Task data below:

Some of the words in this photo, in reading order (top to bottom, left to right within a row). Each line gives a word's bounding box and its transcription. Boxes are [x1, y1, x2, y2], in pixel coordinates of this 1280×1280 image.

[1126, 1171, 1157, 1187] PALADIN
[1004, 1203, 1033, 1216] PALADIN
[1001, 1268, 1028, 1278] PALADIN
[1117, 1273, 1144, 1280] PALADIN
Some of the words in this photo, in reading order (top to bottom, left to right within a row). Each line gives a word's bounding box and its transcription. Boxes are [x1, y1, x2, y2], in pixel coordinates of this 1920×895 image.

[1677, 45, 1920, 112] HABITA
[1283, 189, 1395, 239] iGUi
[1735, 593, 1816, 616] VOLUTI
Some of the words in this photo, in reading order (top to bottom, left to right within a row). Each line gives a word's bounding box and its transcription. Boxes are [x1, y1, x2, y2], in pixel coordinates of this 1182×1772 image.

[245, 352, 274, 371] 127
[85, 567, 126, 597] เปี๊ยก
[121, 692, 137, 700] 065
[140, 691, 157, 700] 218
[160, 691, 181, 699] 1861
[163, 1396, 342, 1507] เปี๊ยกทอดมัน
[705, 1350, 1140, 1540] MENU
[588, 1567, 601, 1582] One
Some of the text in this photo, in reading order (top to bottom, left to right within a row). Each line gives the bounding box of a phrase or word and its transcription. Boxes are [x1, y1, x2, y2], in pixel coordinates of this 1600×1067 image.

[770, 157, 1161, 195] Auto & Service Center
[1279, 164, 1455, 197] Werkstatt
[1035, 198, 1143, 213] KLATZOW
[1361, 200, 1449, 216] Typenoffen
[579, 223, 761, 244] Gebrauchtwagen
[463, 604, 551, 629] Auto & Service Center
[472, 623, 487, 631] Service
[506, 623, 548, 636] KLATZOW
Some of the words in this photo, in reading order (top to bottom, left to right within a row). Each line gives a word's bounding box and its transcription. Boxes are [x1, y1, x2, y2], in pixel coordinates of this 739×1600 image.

End of Task data.

• **Aim of the exercise**:
Print all of the data exactly as it was given.

• **Your response**:
Some of the words in this photo, in reading order (top to bottom, left to right within a row). Each line gives a word's bounding box and its transcription. Boxes are [x1, y1, x2, y2], in pixel coordinates of this 1280×1280 image.

[1126, 1171, 1157, 1187] PALADIN
[1004, 1203, 1033, 1216] PALADIN
[1001, 1268, 1028, 1278] PALADIN
[1117, 1273, 1144, 1280] PALADIN
Some of the words in this photo, in reading order (top to bottom, left to right within a row). Each line gives a word's bounding box and its transcription. Boxes are [x1, y1, x2, y2], in pixel coordinates of this 1920×895 image.

[1677, 45, 1920, 112] HABITA
[1283, 189, 1395, 239] iGUi
[1735, 593, 1816, 616] VOLUTI
Some of the words in this photo, in reading order (top to bottom, left to right within a row). Each line gives a word's bounding box and its transcription. Boxes are [x1, y1, x2, y2], in pixel coordinates of this 1182×1772 image.

[245, 352, 274, 371] 127
[85, 567, 126, 597] เปี๊ยก
[121, 692, 137, 700] 065
[140, 691, 157, 700] 218
[160, 691, 181, 699] 1861
[163, 1396, 342, 1507] เปี๊ยกทอดมัน
[705, 1350, 1140, 1540] MENU
[588, 1567, 601, 1582] One
Some of the text in this photo, in reading order (top to bottom, left to right within a row). Each line gives the bounding box of a phrase or word and its transcription. Boxes are [x1, y1, x2, y2], in pixel coordinates of this 1600×1067 image.

[770, 157, 1161, 195] Auto & Service Center
[1279, 164, 1455, 197] Werkstatt
[1035, 198, 1143, 213] KLATZOW
[1361, 200, 1449, 216] Typenoffen
[579, 223, 761, 244] Gebrauchtwagen
[463, 604, 551, 629] Auto & Service Center
[472, 623, 487, 631] Service
[506, 623, 548, 636] KLATZOW
Some of the words in this photo, in reading order (top to bottom, left to right within a row). Each line gives a word's bounding box and its transcription. Boxes are [x1, y1, x2, y2], in pixel coordinates of this 739×1600 image.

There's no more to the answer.